Exercise
Omitting any pictures, transcribe the entries below exactly.

Collected data

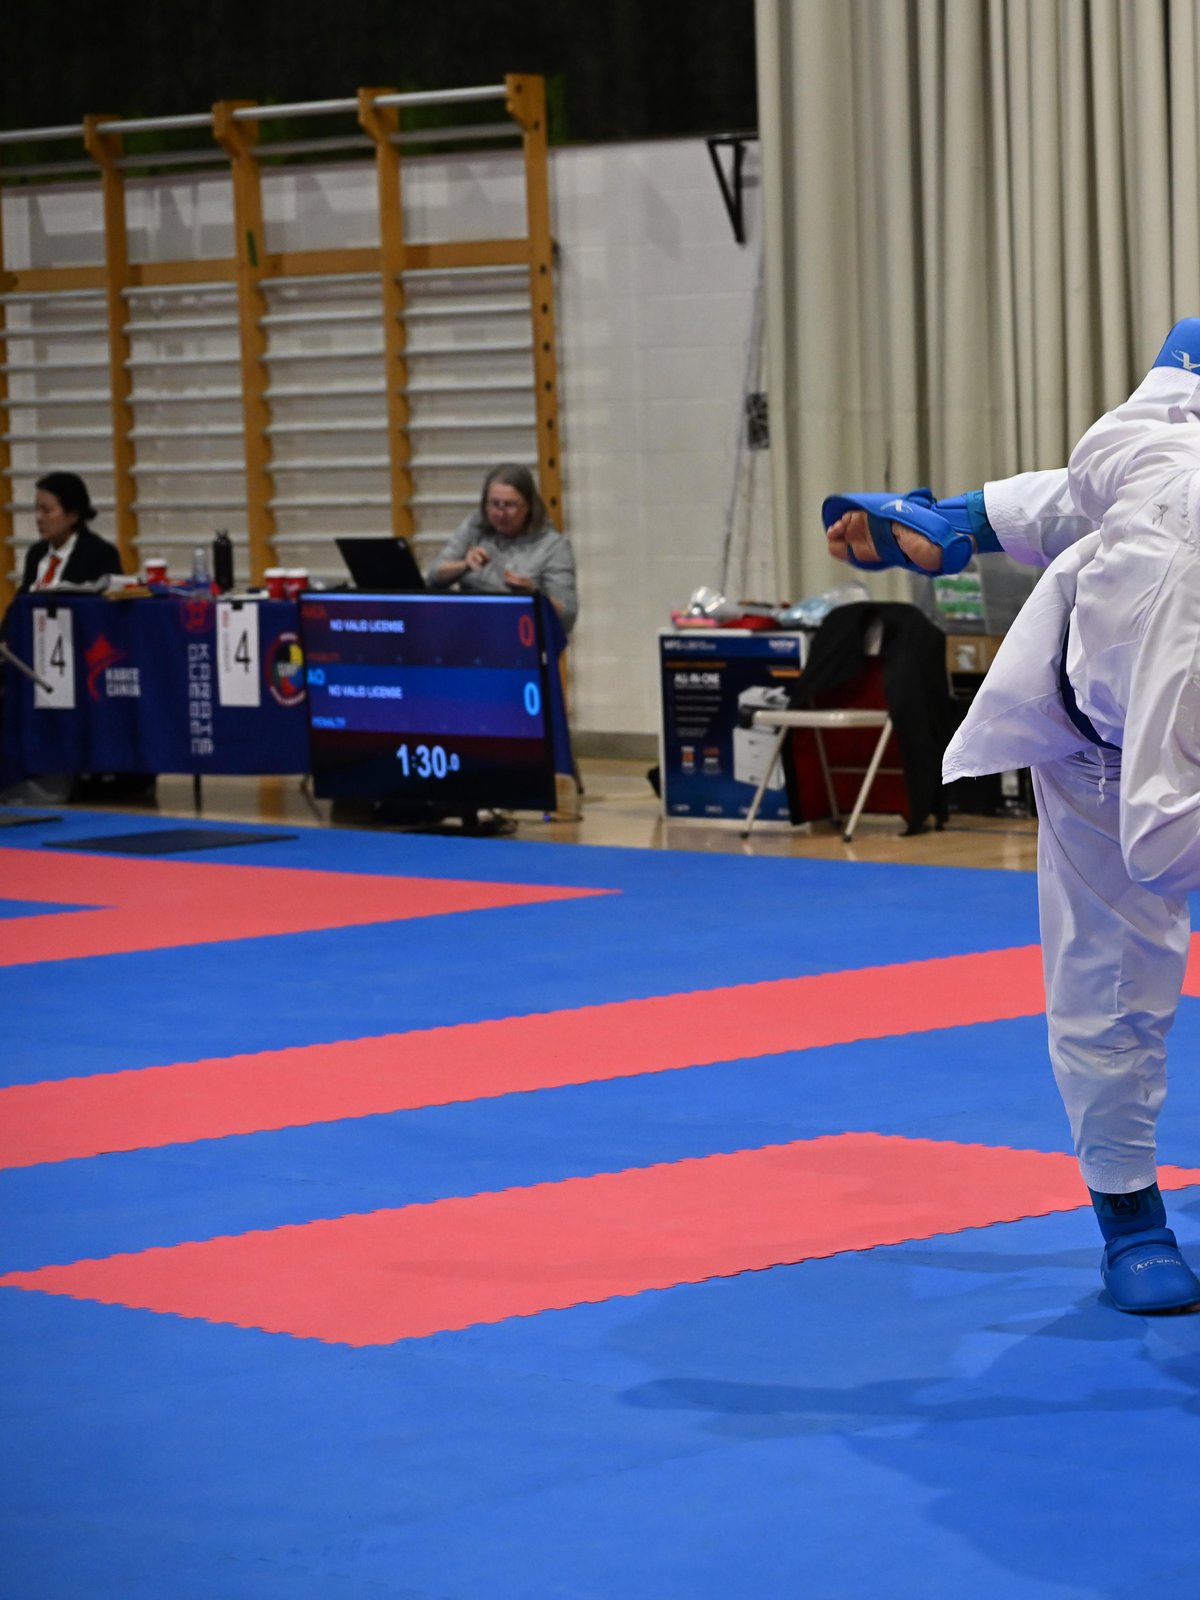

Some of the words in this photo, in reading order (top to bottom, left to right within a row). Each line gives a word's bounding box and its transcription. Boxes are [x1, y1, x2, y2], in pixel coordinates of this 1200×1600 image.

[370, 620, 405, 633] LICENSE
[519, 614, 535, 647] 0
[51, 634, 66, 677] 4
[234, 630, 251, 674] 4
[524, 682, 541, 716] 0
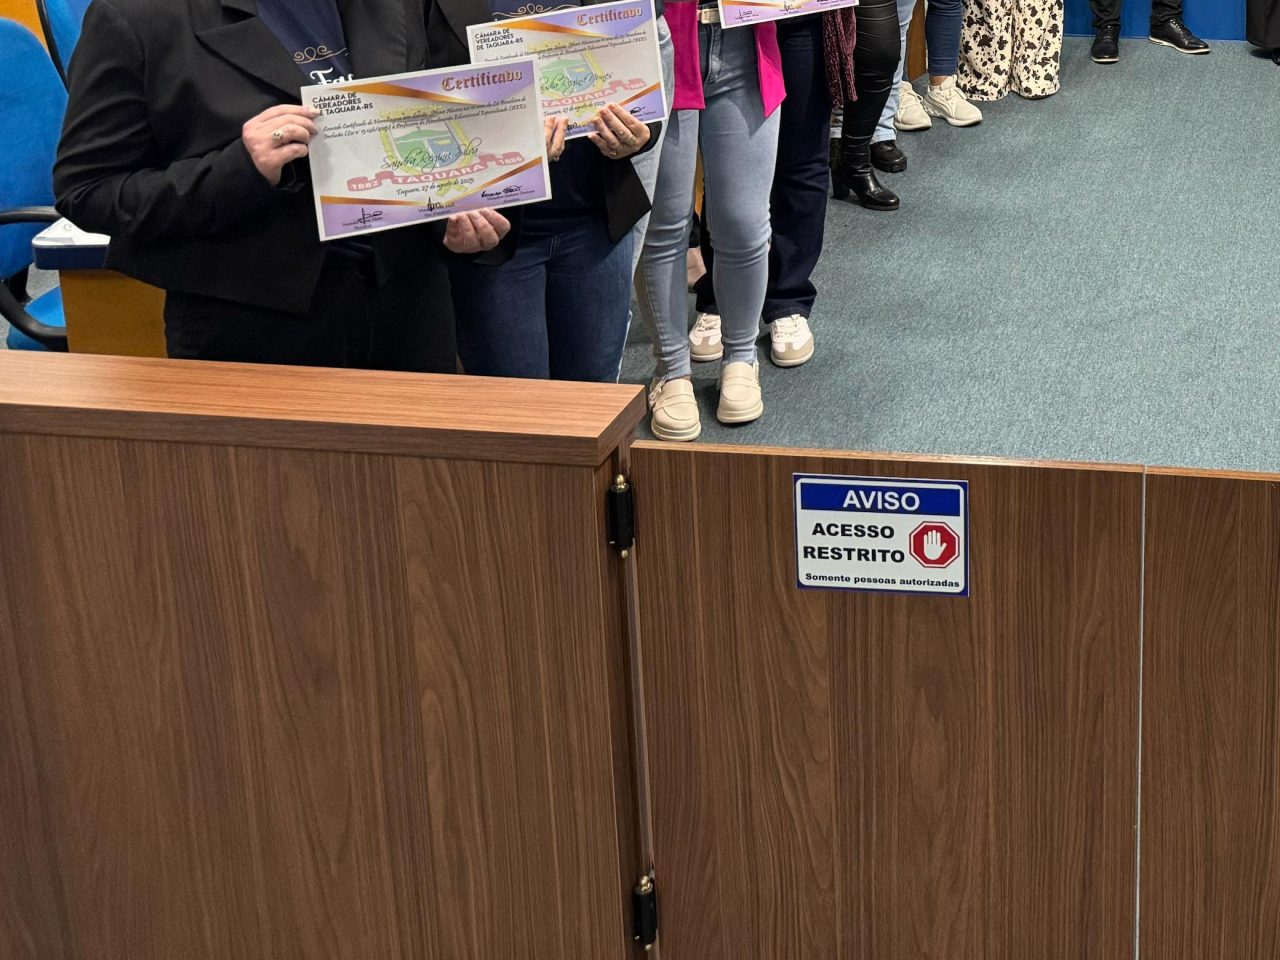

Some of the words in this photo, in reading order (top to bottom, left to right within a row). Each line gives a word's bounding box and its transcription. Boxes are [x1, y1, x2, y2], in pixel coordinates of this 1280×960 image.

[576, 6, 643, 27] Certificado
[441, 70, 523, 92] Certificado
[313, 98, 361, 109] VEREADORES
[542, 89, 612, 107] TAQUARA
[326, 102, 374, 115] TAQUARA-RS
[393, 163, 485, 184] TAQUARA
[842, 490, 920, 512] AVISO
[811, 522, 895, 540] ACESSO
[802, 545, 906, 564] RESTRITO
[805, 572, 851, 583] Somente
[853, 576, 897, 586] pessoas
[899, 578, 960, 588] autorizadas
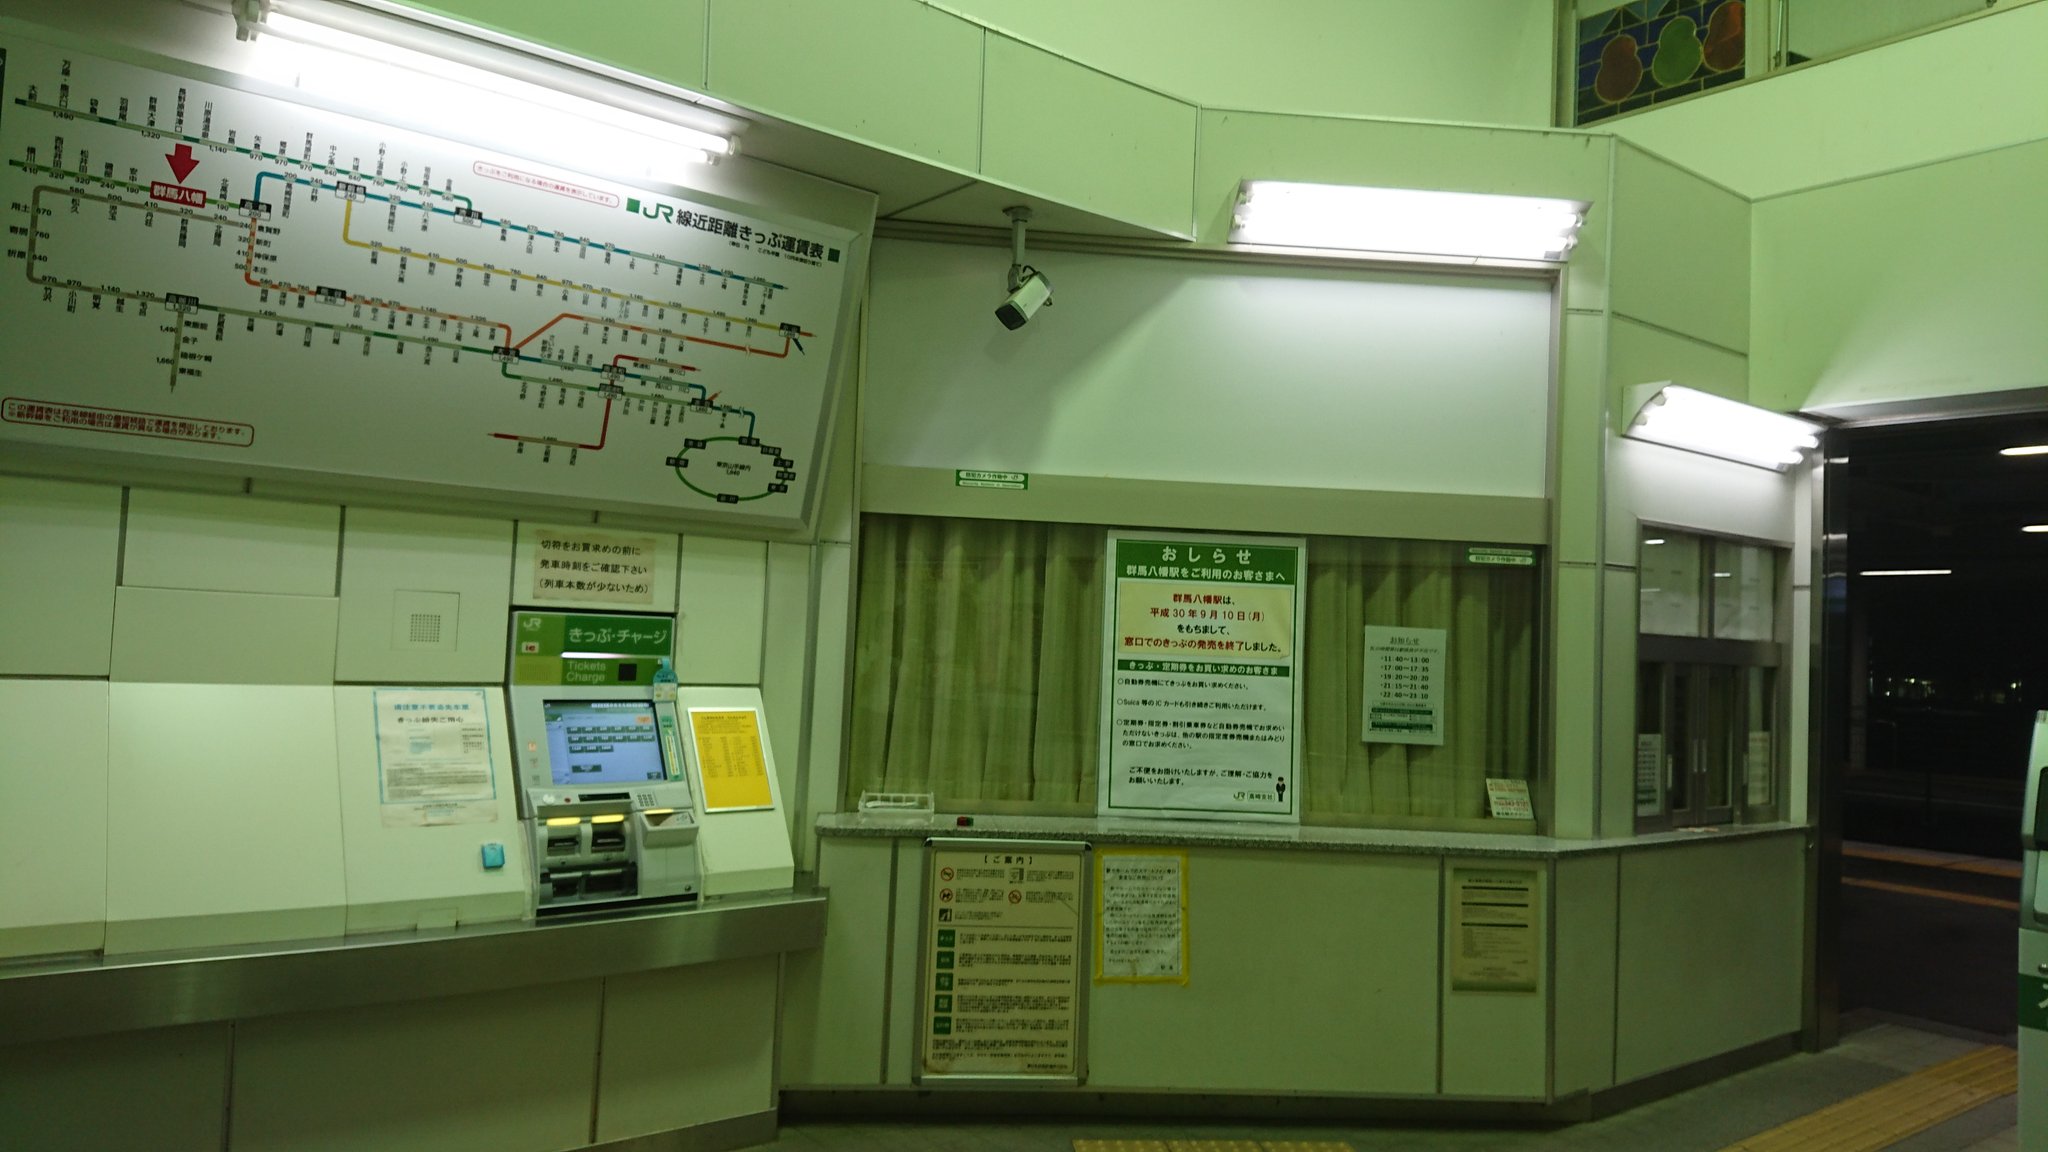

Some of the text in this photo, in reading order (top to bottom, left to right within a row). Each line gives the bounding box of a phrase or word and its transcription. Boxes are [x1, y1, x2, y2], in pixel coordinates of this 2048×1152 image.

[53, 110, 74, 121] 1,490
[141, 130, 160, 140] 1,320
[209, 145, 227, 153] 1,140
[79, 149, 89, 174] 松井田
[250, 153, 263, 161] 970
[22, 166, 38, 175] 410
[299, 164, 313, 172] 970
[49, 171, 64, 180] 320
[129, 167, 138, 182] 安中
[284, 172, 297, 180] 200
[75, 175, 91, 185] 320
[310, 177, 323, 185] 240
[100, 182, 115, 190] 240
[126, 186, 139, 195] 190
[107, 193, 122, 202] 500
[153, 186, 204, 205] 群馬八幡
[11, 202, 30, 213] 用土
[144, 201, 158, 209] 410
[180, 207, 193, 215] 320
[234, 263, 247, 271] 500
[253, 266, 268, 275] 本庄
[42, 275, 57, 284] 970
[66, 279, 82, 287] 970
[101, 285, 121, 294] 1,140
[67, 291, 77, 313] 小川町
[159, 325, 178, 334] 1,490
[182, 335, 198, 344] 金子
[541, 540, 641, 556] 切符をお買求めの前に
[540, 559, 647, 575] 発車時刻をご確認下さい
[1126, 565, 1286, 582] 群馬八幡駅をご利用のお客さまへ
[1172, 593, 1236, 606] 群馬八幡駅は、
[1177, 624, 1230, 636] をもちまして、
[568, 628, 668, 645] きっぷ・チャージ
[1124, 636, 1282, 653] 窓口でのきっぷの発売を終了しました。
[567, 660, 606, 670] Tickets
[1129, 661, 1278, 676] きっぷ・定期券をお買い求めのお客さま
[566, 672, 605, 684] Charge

Completed task
Some of the words in this photo, in reading order (top to bottom, left to right within a row). Each line gives a word's bounding box and its transcription. Boxes are [x1, y1, x2, y2], in pixel coordinates of this 1200×1600 image.

[370, 620, 405, 633] LICENSE
[519, 614, 535, 647] 0
[51, 634, 66, 677] 4
[234, 630, 251, 674] 4
[524, 682, 541, 716] 0

Some of the words in this photo, in reading order (top to bottom, left to right within a row). Each line gives a word's bounding box and its transcription. Boxes are [x1, y1, x2, y2], in pixel coordinates of this 1280×960 image.

[576, 6, 643, 27] Certificado
[441, 70, 523, 92] Certificado
[313, 98, 361, 109] VEREADORES
[542, 89, 612, 107] TAQUARA
[326, 102, 374, 115] TAQUARA-RS
[393, 163, 485, 184] TAQUARA
[842, 490, 920, 512] AVISO
[811, 522, 895, 540] ACESSO
[802, 545, 906, 564] RESTRITO
[805, 572, 851, 583] Somente
[853, 576, 897, 586] pessoas
[899, 578, 960, 588] autorizadas

Some of the text in this photo, in reading order (top to bottom, left to right within a row). Each line gives the bounding box of a phrase or word and its transcription. Boxes are [x1, y1, x2, y2], in pixel coordinates of this 2048×1152 image.

[53, 110, 74, 121] 1,490
[141, 130, 160, 140] 1,320
[209, 145, 227, 153] 1,140
[79, 149, 89, 174] 松井田
[250, 153, 263, 161] 970
[22, 166, 38, 175] 410
[299, 164, 313, 172] 970
[49, 171, 64, 180] 320
[129, 167, 138, 182] 安中
[284, 172, 297, 180] 200
[75, 175, 91, 185] 320
[310, 177, 323, 185] 240
[100, 182, 115, 190] 240
[126, 186, 139, 195] 190
[107, 193, 122, 202] 500
[153, 186, 204, 205] 群馬八幡
[11, 202, 30, 213] 用土
[144, 201, 158, 209] 410
[180, 207, 193, 215] 320
[234, 263, 247, 271] 500
[253, 266, 268, 275] 本庄
[42, 275, 57, 284] 970
[66, 279, 82, 287] 970
[101, 285, 121, 294] 1,140
[67, 291, 77, 313] 小川町
[159, 325, 178, 334] 1,490
[182, 335, 198, 344] 金子
[541, 540, 641, 556] 切符をお買求めの前に
[540, 559, 647, 575] 発車時刻をご確認下さい
[1126, 565, 1286, 582] 群馬八幡駅をご利用のお客さまへ
[1172, 593, 1236, 606] 群馬八幡駅は、
[1177, 624, 1230, 636] をもちまして、
[568, 628, 668, 645] きっぷ・チャージ
[1124, 636, 1282, 653] 窓口でのきっぷの発売を終了しました。
[567, 660, 606, 670] Tickets
[1129, 661, 1278, 676] きっぷ・定期券をお買い求めのお客さま
[566, 672, 605, 684] Charge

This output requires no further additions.